#### TASK REQUIREMENTS
Before you return the entries below, strip out the pictures and keep all else exact.

#### Excerpts from a dataset
=-=-=

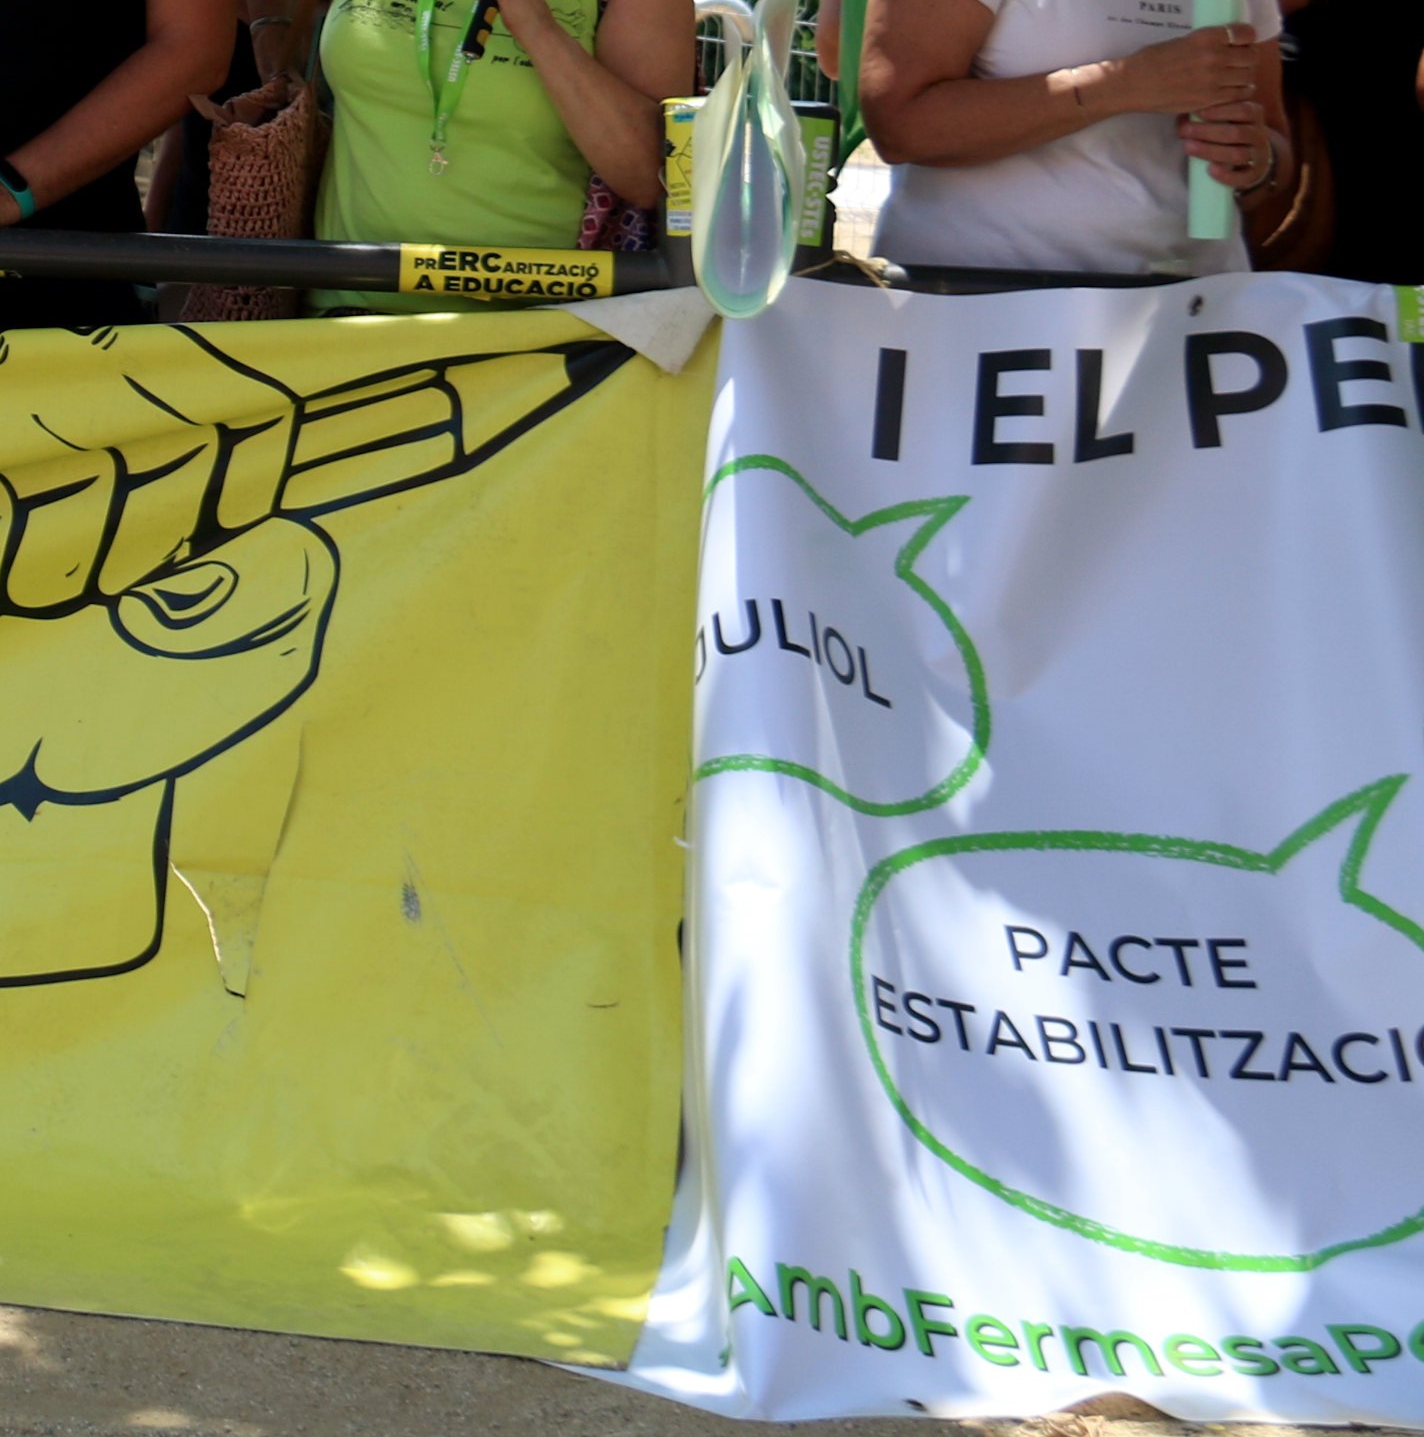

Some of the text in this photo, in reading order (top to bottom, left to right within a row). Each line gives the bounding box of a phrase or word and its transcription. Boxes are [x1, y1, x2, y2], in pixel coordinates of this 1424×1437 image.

[414, 274, 598, 298] A EDUCACIÓ
[871, 316, 1424, 465] I EL PE
[1004, 925, 1259, 991] PACTE
[871, 974, 1424, 1085] ESTABILITZACI

=-=-=

#### RESPONSE BELOW
Some of the text in this photo, in reading order (top to bottom, left to right within a row). Each line gives the bounding box of a phrase or word and its transcription. Boxes are [x1, y1, x2, y2], in pixel coordinates of this 1424×1437 image.

[414, 274, 598, 298] A EDUCACIÓ
[871, 316, 1424, 465] I EL PE
[1004, 925, 1259, 991] PACTE
[871, 974, 1424, 1085] ESTABILITZACI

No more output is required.